The BBC’s Countryfile programme has previously looked at the issue, and The One Show has featured segments on salmon farm mortalities and the opinions of those for and against a new organic salmon farm on Skye, but it is the first time that ordinary fish farm workers have had their say.

Debate the issue

The Landward episode, titled Saving Our Salmon, is understood to have less of an investigative slant than The One Show and is instead more of an attempt to debate the whole issue by offering balanced coverage of both sides of the argument.

Andrew Graham-Stewart will argue that fish farms are harming wild fish.
Andrew Graham-Stewart will argue that fish farms are harming wild fish.

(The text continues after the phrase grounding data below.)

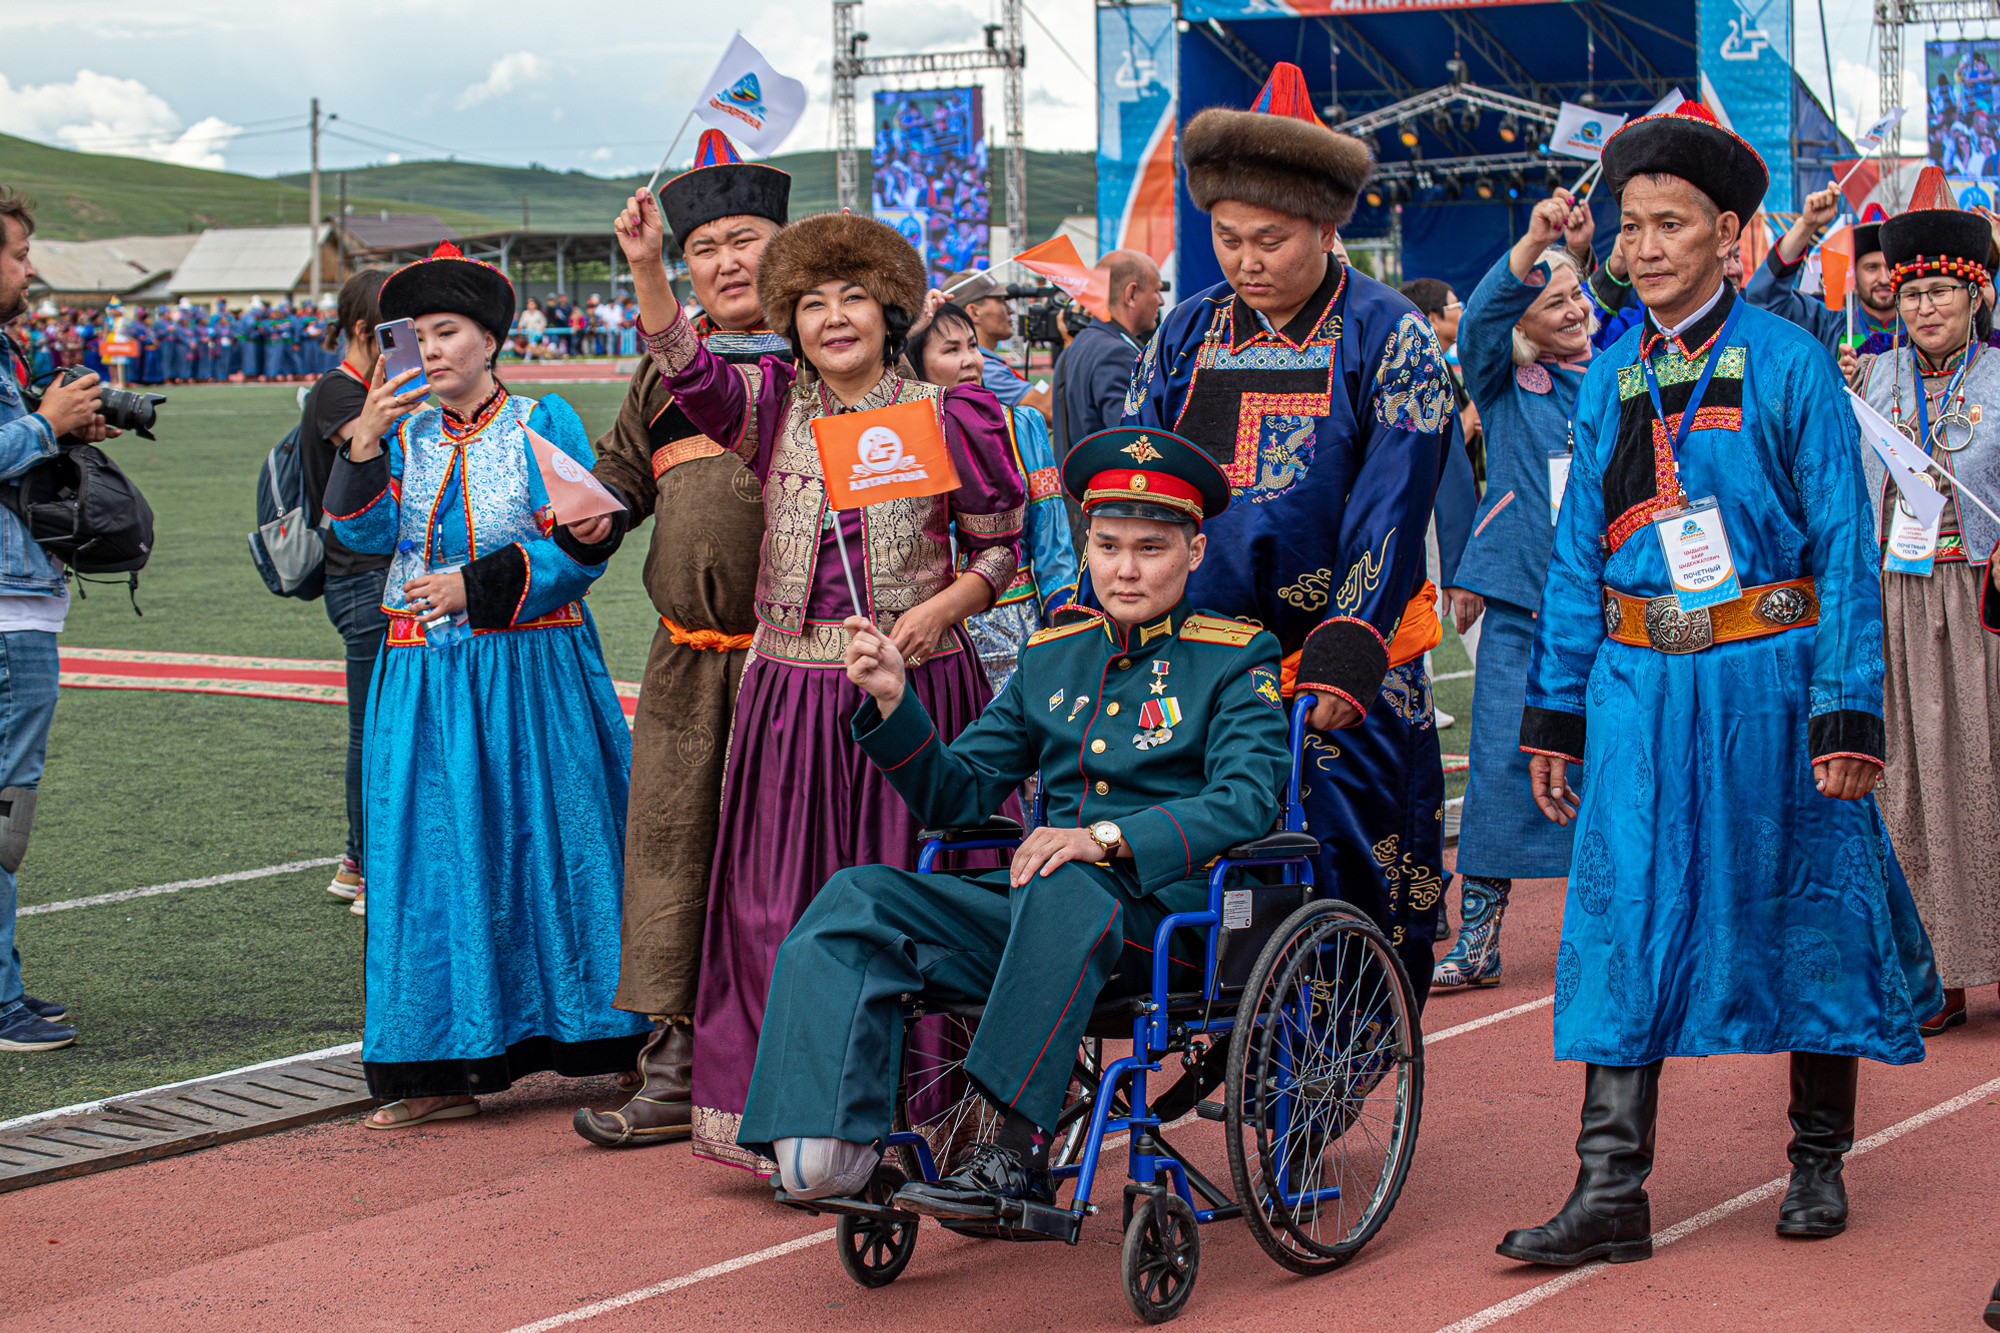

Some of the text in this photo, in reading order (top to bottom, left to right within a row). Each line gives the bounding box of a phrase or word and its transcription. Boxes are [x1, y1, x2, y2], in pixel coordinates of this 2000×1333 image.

[1680, 531, 1705, 541] АЛТАРГАНА
[1683, 545, 1709, 556] ЦЫДЫПОВ
[1896, 542, 1926, 550] ПОЧЕТНЫЙ
[1679, 554, 1720, 569] ЦЫДЕНЖАПОВИЧ
[1691, 552, 1704, 560] БАИР
[1683, 564, 1721, 580] ПОЧЕТНЫЙ
[1693, 574, 1715, 585] ГОСТЬ

It will feature a variety of people from both the pro and anti-salmon farming sides, ranging from keen amateur fishermen who are concerned about salmon stocks in rivers, to scientists studying the impacts of sea lice near fish farms on wild fish, through to company spokespeople from Marine Harvest and Cooke Aquaculture and a wild wrasse fisherman on Skye.

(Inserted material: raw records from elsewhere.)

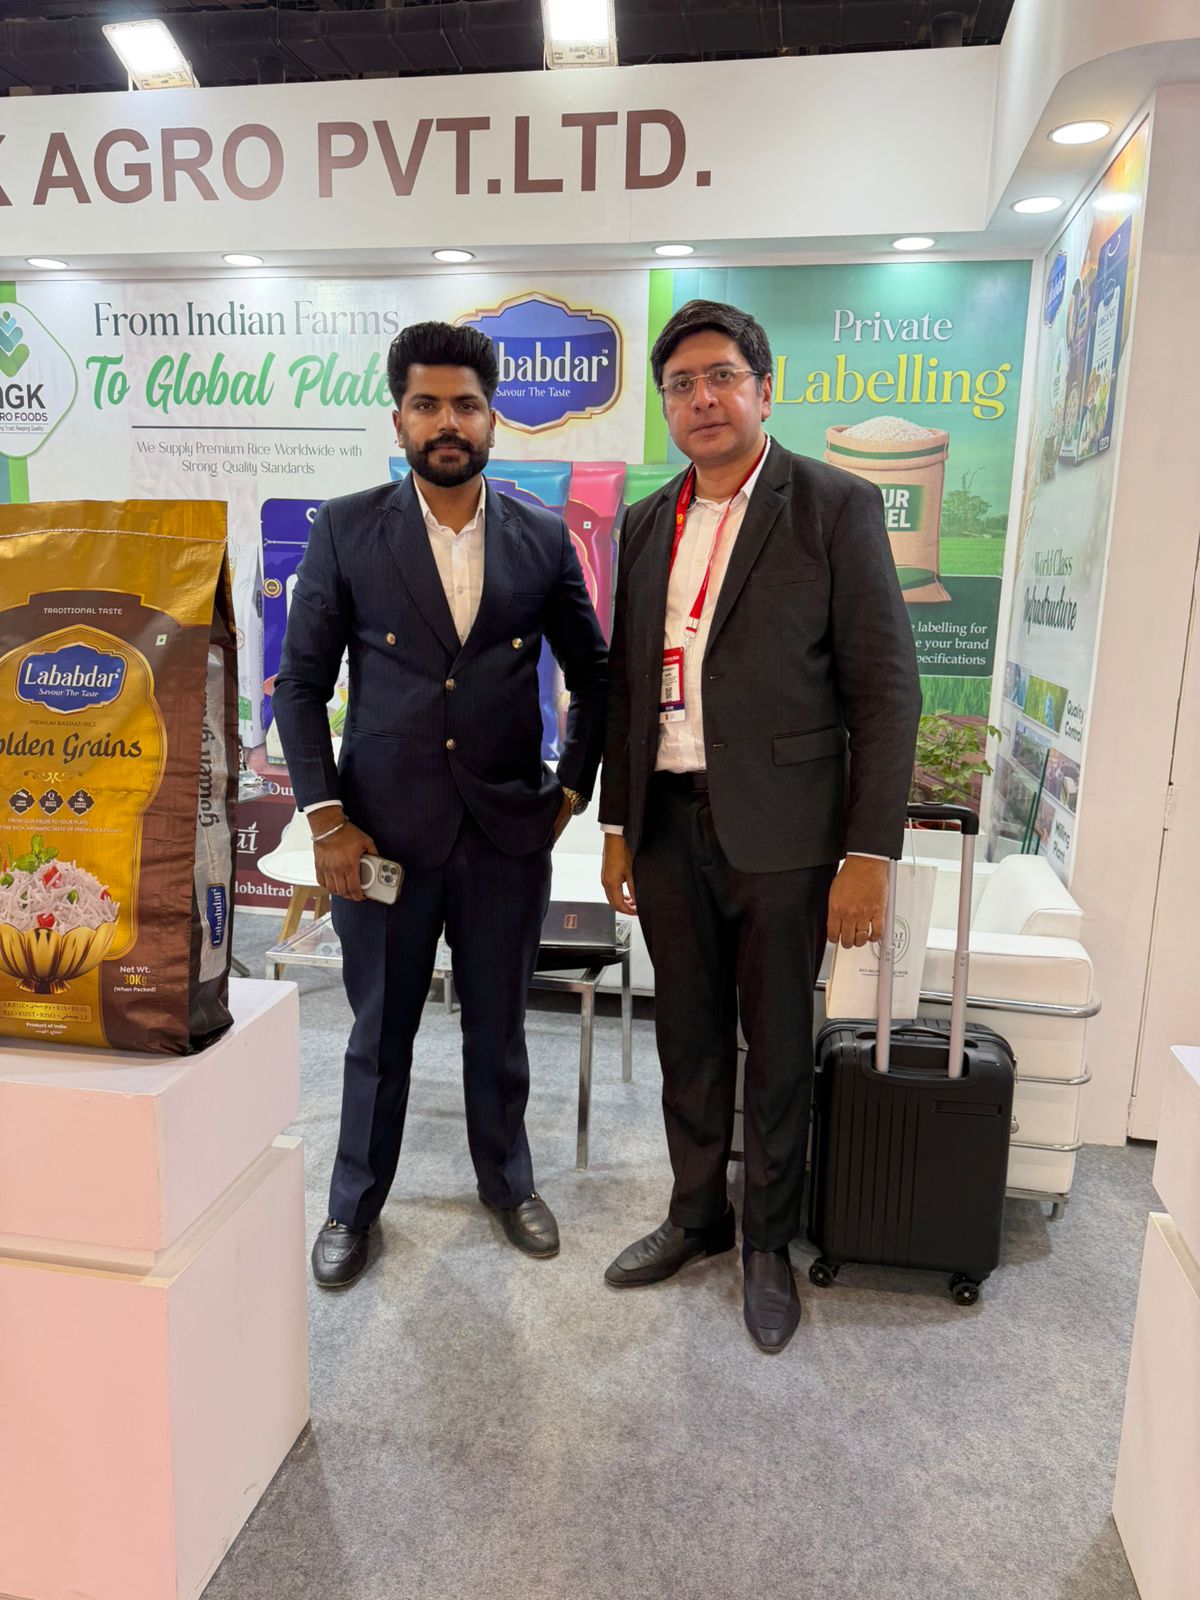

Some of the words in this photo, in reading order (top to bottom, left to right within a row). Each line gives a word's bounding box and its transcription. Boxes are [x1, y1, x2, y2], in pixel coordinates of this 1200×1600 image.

[32, 123, 285, 206] AGRO
[317, 109, 711, 198] PVT.LTD.
[93, 302, 179, 336] From
[187, 301, 286, 335] Indian
[294, 300, 399, 335] Farms
[832, 309, 953, 342] Private
[85, 353, 131, 410] To
[145, 352, 276, 414] Global
[773, 353, 1012, 420] Labelling
[496, 386, 526, 397] Savour
[528, 386, 546, 397] The
[547, 386, 571, 397] Taste
[14, 412, 48, 422] FOODS
[136, 441, 156, 454] We
[158, 441, 195, 457] Supply
[195, 442, 245, 455] Premium
[247, 443, 271, 455] Rice
[274, 443, 336, 456] Worldwide
[338, 444, 362, 457] with
[182, 460, 218, 477] Strong
[222, 460, 258, 476] Quality
[260, 461, 315, 474] Standards
[43, 607, 97, 615] TRADITIONAL
[98, 607, 123, 615] TASTE
[918, 622, 967, 636] labelling
[970, 623, 988, 635] for
[925, 640, 952, 652] your
[955, 639, 989, 650] brand
[38, 688, 64, 697] Savour
[66, 689, 80, 697] The
[81, 690, 99, 698] Taste
[1066, 699, 1086, 725] Quality
[63, 732, 143, 765] Grains
[123, 974, 147, 986] 30Kg

The programme will also feature salmon farming opponent Andrew Graham-Stewart, director of Salmon and Trout Conservation Scotland and a regular contributor to BBC programmes on the issue.

Access to operations

As well as salmon farm employees, the episode will feature three different salmon farms which gave access to film daily operations.

It will also touch on a recent lice infestation that occurred at a salmon farm in Loch Roag, Lewis, during a period of exceptionally warm sea temperatures. Graham-Stewart has blamed the farm for the spread of large numbers of lice to wild salmon trapped by low river levels in a pool at the shore, although other commentators have pointed out that such infestations have presviously been recorded on fish trapped in pools in warm weather in an era before salmon farming began.

The Landward episode will also cover the fact that wild salmon numbers appear to be falling across the board in Scotland, with stories on both west coast and east coast rivers, but the main focus of the programme is on the west coast and the Northern Isles.

The programme will be broadcast at 9pm on BBC2 Scotland tomorrow, and will be available on iPlayer later.